(ACTIVITY)
Images are not part of the copy; write out the rest of the data exactly as given.
= = = = =
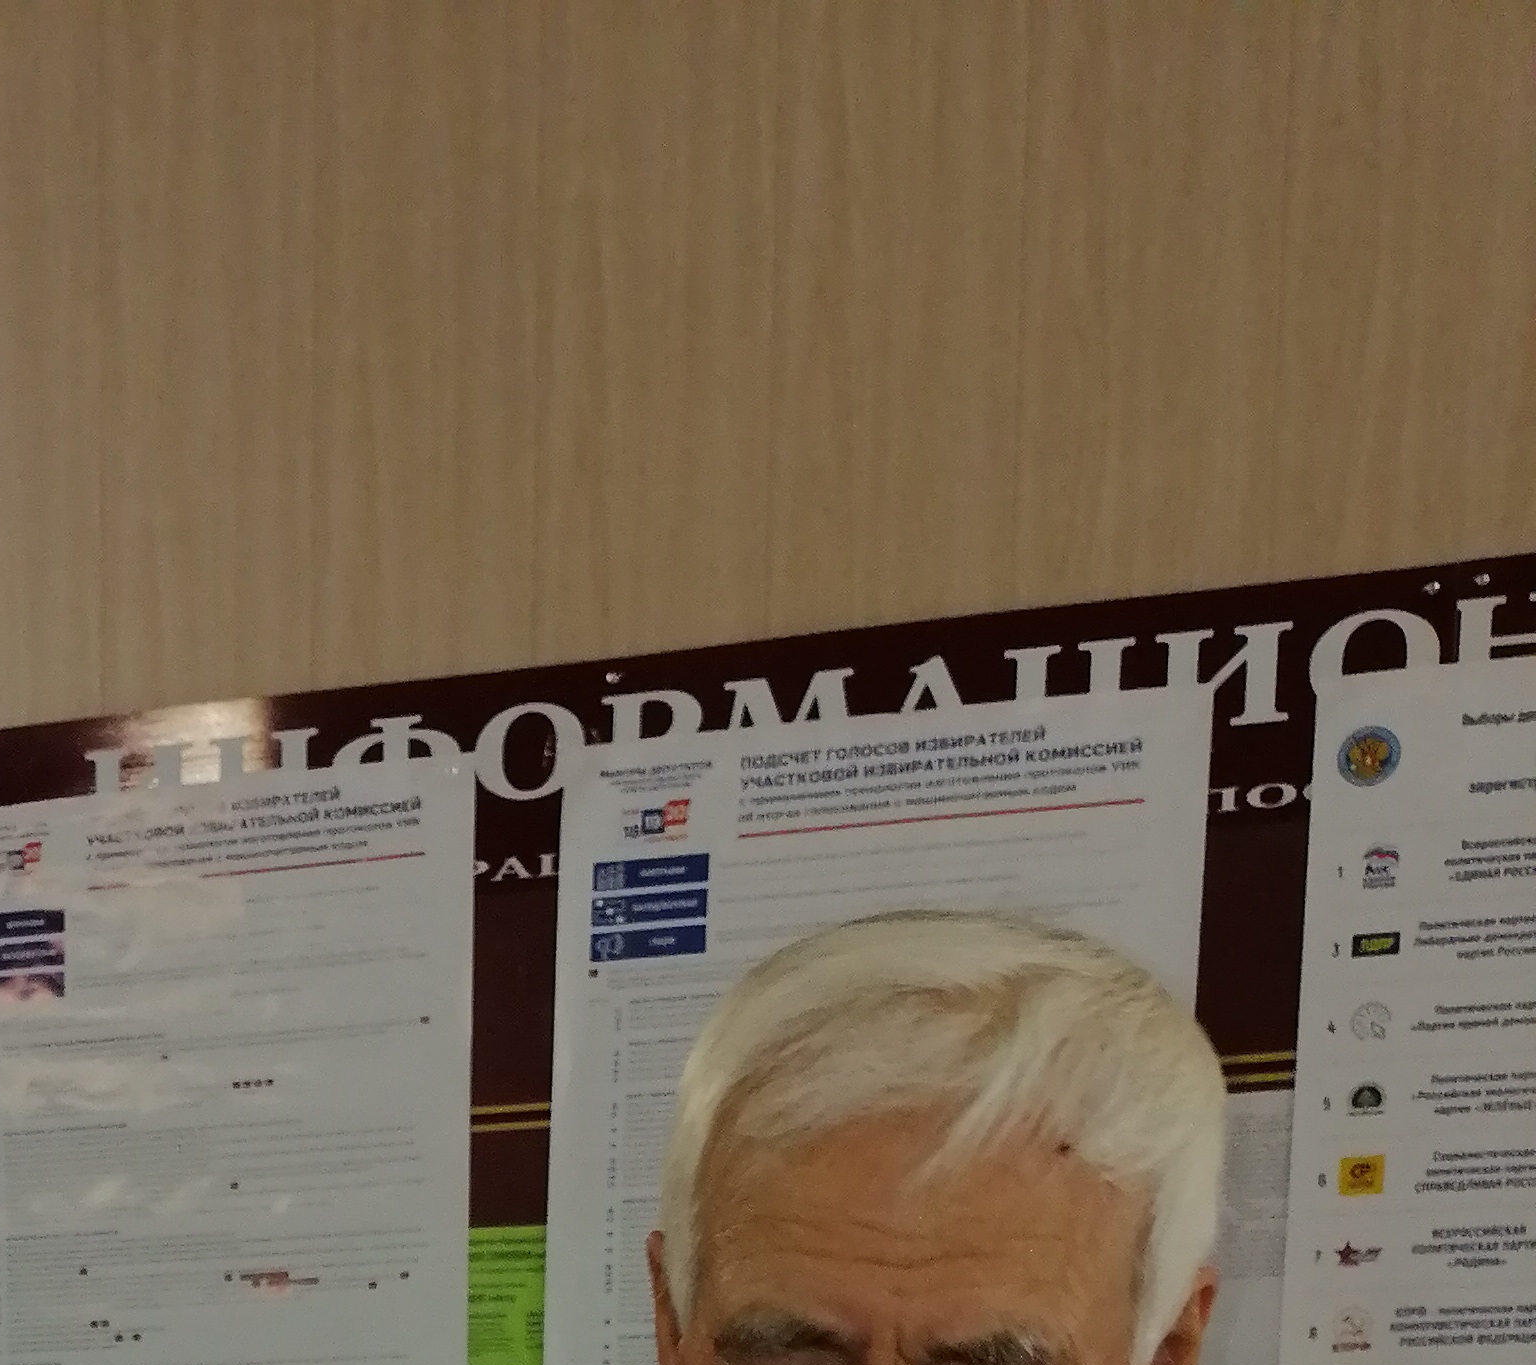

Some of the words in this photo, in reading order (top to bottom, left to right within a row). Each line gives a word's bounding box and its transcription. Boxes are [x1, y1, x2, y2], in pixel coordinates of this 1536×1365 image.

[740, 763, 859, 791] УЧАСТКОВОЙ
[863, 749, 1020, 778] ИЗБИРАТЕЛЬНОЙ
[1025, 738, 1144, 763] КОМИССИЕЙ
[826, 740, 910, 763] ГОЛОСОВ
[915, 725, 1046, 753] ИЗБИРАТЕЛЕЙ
= = = = =
(YOUR SOLUTION)
Some of the words in this photo, in reading order (top to bottom, left to right within a row). Each line gives a word's bounding box and its transcription. Boxes are [x1, y1, x2, y2], in pixel coordinates of this 1536×1365 image.

[740, 763, 859, 791] УЧАСТКОВОЙ
[863, 749, 1020, 778] ИЗБИРАТЕЛЬНОЙ
[1025, 738, 1144, 763] КОМИССИЕЙ
[826, 740, 910, 763] ГОЛОСОВ
[915, 725, 1046, 753] ИЗБИРАТЕЛЕЙ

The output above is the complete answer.